DIRECTIONS:
Type out the records again, exactly as they are.

SUPPLIED MATERIAL:
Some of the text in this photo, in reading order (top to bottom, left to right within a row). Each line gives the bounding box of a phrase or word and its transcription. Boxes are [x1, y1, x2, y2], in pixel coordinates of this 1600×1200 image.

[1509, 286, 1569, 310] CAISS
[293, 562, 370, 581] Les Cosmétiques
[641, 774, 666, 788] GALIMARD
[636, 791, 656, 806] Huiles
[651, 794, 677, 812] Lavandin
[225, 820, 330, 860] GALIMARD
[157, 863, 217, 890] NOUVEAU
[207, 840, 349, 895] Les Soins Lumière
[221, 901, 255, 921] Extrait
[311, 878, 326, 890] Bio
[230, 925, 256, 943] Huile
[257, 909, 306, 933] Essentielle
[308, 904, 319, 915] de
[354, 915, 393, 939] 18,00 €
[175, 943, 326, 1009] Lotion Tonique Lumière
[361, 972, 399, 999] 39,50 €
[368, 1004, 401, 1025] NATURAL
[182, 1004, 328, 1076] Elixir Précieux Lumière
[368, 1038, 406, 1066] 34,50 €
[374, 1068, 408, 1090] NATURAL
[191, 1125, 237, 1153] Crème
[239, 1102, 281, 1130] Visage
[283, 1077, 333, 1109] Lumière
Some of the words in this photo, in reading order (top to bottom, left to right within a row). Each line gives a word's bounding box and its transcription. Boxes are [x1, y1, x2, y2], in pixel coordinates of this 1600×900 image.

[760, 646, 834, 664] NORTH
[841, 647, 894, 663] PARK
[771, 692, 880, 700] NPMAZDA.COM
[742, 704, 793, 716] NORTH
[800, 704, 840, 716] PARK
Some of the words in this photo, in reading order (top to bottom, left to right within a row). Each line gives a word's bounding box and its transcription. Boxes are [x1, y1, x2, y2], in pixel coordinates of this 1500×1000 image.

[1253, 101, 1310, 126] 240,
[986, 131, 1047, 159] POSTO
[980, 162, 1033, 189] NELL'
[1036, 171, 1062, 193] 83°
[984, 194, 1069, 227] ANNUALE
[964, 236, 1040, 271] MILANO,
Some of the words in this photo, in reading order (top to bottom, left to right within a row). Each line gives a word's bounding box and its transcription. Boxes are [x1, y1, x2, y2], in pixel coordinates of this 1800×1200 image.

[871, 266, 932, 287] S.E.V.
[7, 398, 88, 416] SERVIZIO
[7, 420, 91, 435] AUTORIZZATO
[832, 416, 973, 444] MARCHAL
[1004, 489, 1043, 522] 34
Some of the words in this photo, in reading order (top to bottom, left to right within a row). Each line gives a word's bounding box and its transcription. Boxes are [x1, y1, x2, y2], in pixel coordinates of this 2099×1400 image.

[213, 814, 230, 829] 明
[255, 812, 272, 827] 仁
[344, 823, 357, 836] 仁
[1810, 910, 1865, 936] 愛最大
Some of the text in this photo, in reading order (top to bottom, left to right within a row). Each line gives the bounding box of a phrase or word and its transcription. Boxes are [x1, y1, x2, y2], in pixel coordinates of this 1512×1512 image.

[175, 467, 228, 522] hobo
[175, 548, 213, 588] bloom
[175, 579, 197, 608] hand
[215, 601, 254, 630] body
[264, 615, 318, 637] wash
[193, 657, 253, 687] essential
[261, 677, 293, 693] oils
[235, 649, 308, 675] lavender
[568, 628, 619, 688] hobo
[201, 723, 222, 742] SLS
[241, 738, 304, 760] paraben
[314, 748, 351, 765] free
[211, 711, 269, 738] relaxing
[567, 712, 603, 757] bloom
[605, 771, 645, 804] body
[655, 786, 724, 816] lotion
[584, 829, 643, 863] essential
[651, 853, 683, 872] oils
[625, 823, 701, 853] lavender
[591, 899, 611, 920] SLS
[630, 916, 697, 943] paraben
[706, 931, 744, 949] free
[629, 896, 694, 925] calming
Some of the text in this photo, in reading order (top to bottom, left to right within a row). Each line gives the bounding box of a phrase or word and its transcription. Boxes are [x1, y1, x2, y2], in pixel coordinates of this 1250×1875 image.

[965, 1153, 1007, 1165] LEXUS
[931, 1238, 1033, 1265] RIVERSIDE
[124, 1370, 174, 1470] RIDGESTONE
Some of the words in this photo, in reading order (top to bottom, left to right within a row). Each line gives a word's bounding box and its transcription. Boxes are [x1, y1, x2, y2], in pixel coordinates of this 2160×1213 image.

TASK ANSWER:
Some of the text in this photo, in reading order (top to bottom, left to right within a row). Each line gives the bounding box of a phrase or word and its transcription. Boxes are [x1, y1, x2, y2], in pixel coordinates of this 1600×1200 image.

[1509, 286, 1569, 310] CAISS
[293, 562, 370, 581] Les Cosmétiques
[641, 774, 666, 788] GALIMARD
[636, 791, 656, 806] Huiles
[651, 794, 677, 812] Lavandin
[225, 820, 330, 860] GALIMARD
[157, 863, 217, 890] NOUVEAU
[207, 840, 349, 895] Les Soins Lumière
[221, 901, 255, 921] Extrait
[311, 878, 326, 890] Bio
[230, 925, 256, 943] Huile
[257, 909, 306, 933] Essentielle
[308, 904, 319, 915] de
[354, 915, 393, 939] 18,00 €
[175, 943, 326, 1009] Lotion Tonique Lumière
[361, 972, 399, 999] 39,50 €
[368, 1004, 401, 1025] NATURAL
[182, 1004, 328, 1076] Elixir Précieux Lumière
[368, 1038, 406, 1066] 34,50 €
[374, 1068, 408, 1090] NATURAL
[191, 1125, 237, 1153] Crème
[239, 1102, 281, 1130] Visage
[283, 1077, 333, 1109] Lumière
Some of the words in this photo, in reading order (top to bottom, left to right within a row). Each line gives a word's bounding box and its transcription. Boxes are [x1, y1, x2, y2], in pixel coordinates of this 1600×900 image.

[760, 646, 834, 664] NORTH
[841, 647, 894, 663] PARK
[771, 692, 880, 700] NPMAZDA.COM
[742, 704, 793, 716] NORTH
[800, 704, 840, 716] PARK
Some of the words in this photo, in reading order (top to bottom, left to right within a row). Each line gives a word's bounding box and its transcription. Boxes are [x1, y1, x2, y2], in pixel coordinates of this 1500×1000 image.

[1253, 101, 1310, 126] 240,
[986, 131, 1047, 159] POSTO
[980, 162, 1033, 189] NELL'
[1036, 171, 1062, 193] 83°
[984, 194, 1069, 227] ANNUALE
[964, 236, 1040, 271] MILANO,
Some of the words in this photo, in reading order (top to bottom, left to right within a row). Each line gives a word's bounding box and its transcription. Boxes are [x1, y1, x2, y2], in pixel coordinates of this 1800×1200 image.

[871, 266, 932, 287] S.E.V.
[7, 398, 88, 416] SERVIZIO
[7, 420, 91, 435] AUTORIZZATO
[832, 416, 973, 444] MARCHAL
[1004, 489, 1043, 522] 34
Some of the words in this photo, in reading order (top to bottom, left to right within a row). Each line gives a word's bounding box and its transcription. Boxes are [x1, y1, x2, y2], in pixel coordinates of this 2099×1400 image.

[213, 814, 230, 829] 明
[255, 812, 272, 827] 仁
[344, 823, 357, 836] 仁
[1810, 910, 1865, 936] 愛最大
Some of the text in this photo, in reading order (top to bottom, left to right within a row). Each line gives the bounding box of a phrase or word and its transcription. Boxes are [x1, y1, x2, y2], in pixel coordinates of this 1512×1512 image.

[175, 467, 228, 522] hobo
[175, 548, 213, 588] bloom
[175, 579, 197, 608] hand
[215, 601, 254, 630] body
[264, 615, 318, 637] wash
[193, 657, 253, 687] essential
[261, 677, 293, 693] oils
[235, 649, 308, 675] lavender
[568, 628, 619, 688] hobo
[201, 723, 222, 742] SLS
[241, 738, 304, 760] paraben
[314, 748, 351, 765] free
[211, 711, 269, 738] relaxing
[567, 712, 603, 757] bloom
[605, 771, 645, 804] body
[655, 786, 724, 816] lotion
[584, 829, 643, 863] essential
[651, 853, 683, 872] oils
[625, 823, 701, 853] lavender
[591, 899, 611, 920] SLS
[630, 916, 697, 943] paraben
[706, 931, 744, 949] free
[629, 896, 694, 925] calming
Some of the text in this photo, in reading order (top to bottom, left to right within a row). Each line gives the bounding box of a phrase or word and its transcription. Boxes are [x1, y1, x2, y2], in pixel coordinates of this 1250×1875 image.

[965, 1153, 1007, 1165] LEXUS
[931, 1238, 1033, 1265] RIVERSIDE
[124, 1370, 174, 1470] RIDGESTONE
Some of the words in this photo, in reading order (top to bottom, left to right within a row). Each line gives a word's bounding box and its transcription. Boxes are [x1, y1, x2, y2], in pixel coordinates of this 2160×1213 image.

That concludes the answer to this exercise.